Above all, we wish for nothing other than a just an fair peace for all the people of the beautiful island of Cyprus.

Historical Background

  • Foundation of Republic of Cyprus

    Foundation of Republic of Cyprus

    When the Republic of Cyprus was founded in 1960, it was a fully independent, bicommunal state in which the Greek Cypriot and Turkish Cypriot communities had the status of co-founders and equal partners. Turkish Cypriots comprised one fifth of the island nation’s total population. They felt safe and looked forward to many years of peace and prosperity. The rights of both communities were secured by the Constitution of 19602. Turkey, Greece and the United Kingdom ratified a Treaty of Guarantee3 which assured the independence of the new state, and a Treaty of Alliance between Turkey, Greece, and Cyprus provided for the island’s security. The Republic of Cyprus was universally recognized and given a seat at the United Nations.
    The Constitution of 1960 provided inter alia: both Turkish and Greek were to be the official languages; the executive branch would consist of a Greek Cypriot president and a Turkish Cypriot vice president; a Council of Ministers supporting the executive branch would consist of 10 members, 3 Turkish Cypriots and 7 Greek Cypriots; a Turkish Cypriot was to be given leadership over at least one of the key ministries — defense, foreign affairs, or finance, and; the 50-seat House of Representatives would reserve 15 seats for Turkish Cypriots and 35 for Greek Cypriots. The House of Representatives was empowered to legislate over almost any matter by vote of a simple majority. Where legislation involved taxation, municipal affairs, and modifications of the electoral law, separate majorities of both the Greek Cypriot and Turkish Cypriot members were needed for passage.

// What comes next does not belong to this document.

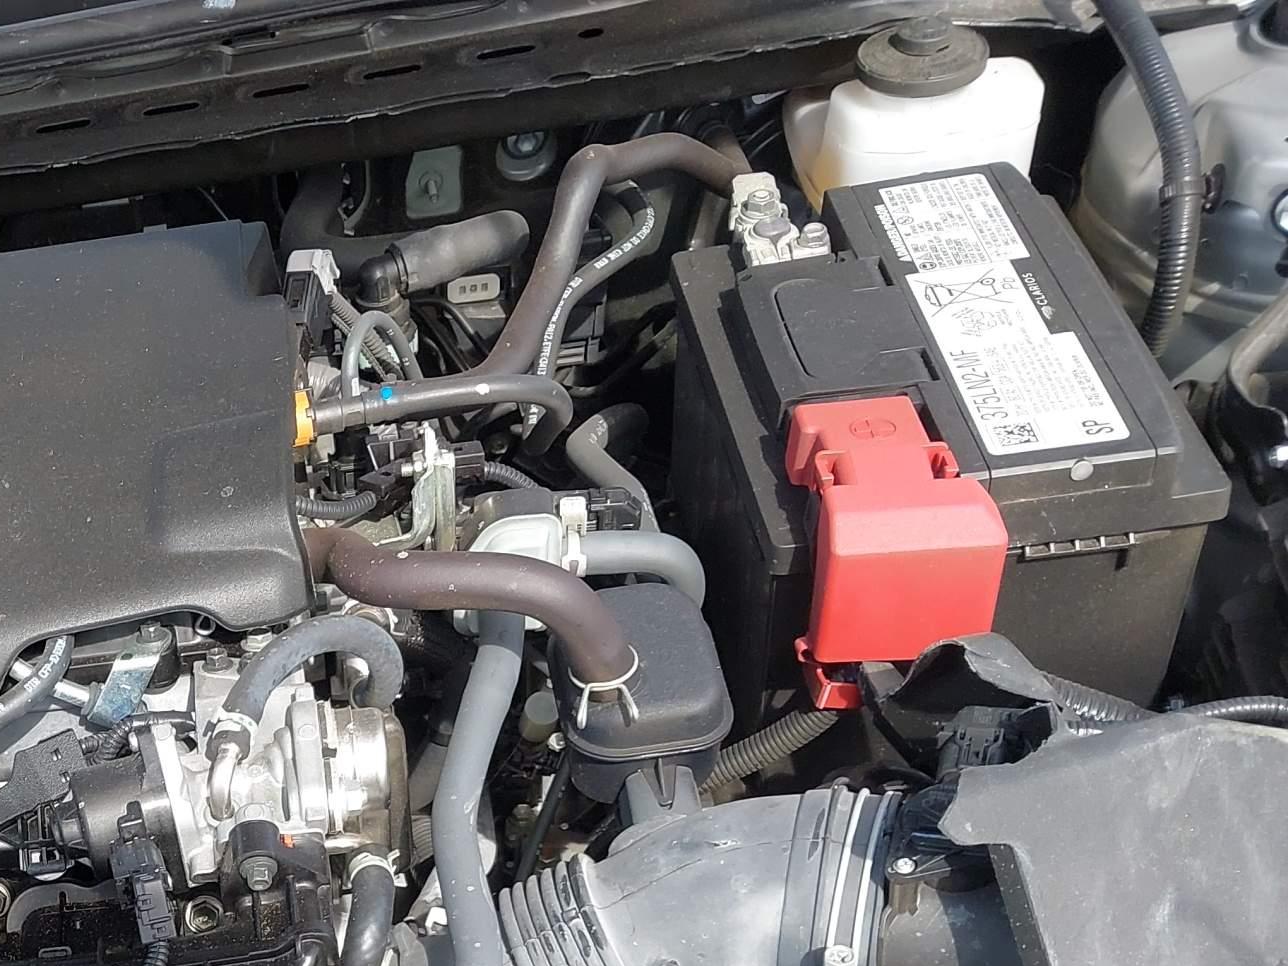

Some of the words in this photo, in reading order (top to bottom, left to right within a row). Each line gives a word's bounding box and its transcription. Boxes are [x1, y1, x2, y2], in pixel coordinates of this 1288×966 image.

[999, 277, 1018, 290] Pb
[1021, 272, 1048, 305] CLARIOS
[950, 350, 1008, 421] 375LN2-MF
[1080, 417, 1115, 436] SP

  • A Fascist Policy : "Enosis"

    Enosis

    The first president of the Republic of Cyprus, Archbishop Makarios III, unfortunately regarded the nation’s independence as but a stepping stone toward Enosis, the unification of Cyprus with Greece. The Greek flag flew over the Presidential Palace in Nicosia and on Makarios’ official limousine4.
    In a speech in his native village of Panayia on September 4, 1962, President Makarios ominously stated,

    “Unless this small Turkish community forming a part of the Turkish race which has been the terrible enemy of Hellenism is expelled, the duties of the heroes of EOKA can never be considered as terminated.”5   

    EOKA was the Greek Cypriot guerrilla organization that had fought against British rule in the 1950’s. EOKA was rearmed in the 1960’s to bring about enosis in spite of the Treaty of Guarantee which explicitly stated in article II,

    “Greece, Turkey and the United Kingdom . . . undertake to prohibit . . . any activity aimed at promoting directly or indirectly, either union of Cyprus with any other State or partition of the Island.”6

  • Akritas Plan

    Akritas Plan

    Simultaneously, Minister of the Interior Polykarpos Yorgadjis, who was responsible for maintaining peace within Cyprus, conducted rallies in support of enosis. Yorgadjis publicly declared:

    “There is no place in Cyprus for anyone who is not Greek, who does not think Greek and who does not constantly feel Greek.”7

    Yorgadjis created the “Akritas Plan” to achieve enosis under the pretext of constitutional reform.8

    According to the Akritas Plan, the Turkish Cypriots would be presented with a series of proposed amendments to the Constitution of 1960.9 Among the proposed amendments were the revocation of the right of Turkish Cypriots to veto decisions affecting the future status of the island, as well as the right to form municipalities. Anticipating that the Turkish Cypriots would reject the proposed amendments, the Plan provided that should the Turkish Cypriots react strongly, they would at once be subdued by overwhelming force.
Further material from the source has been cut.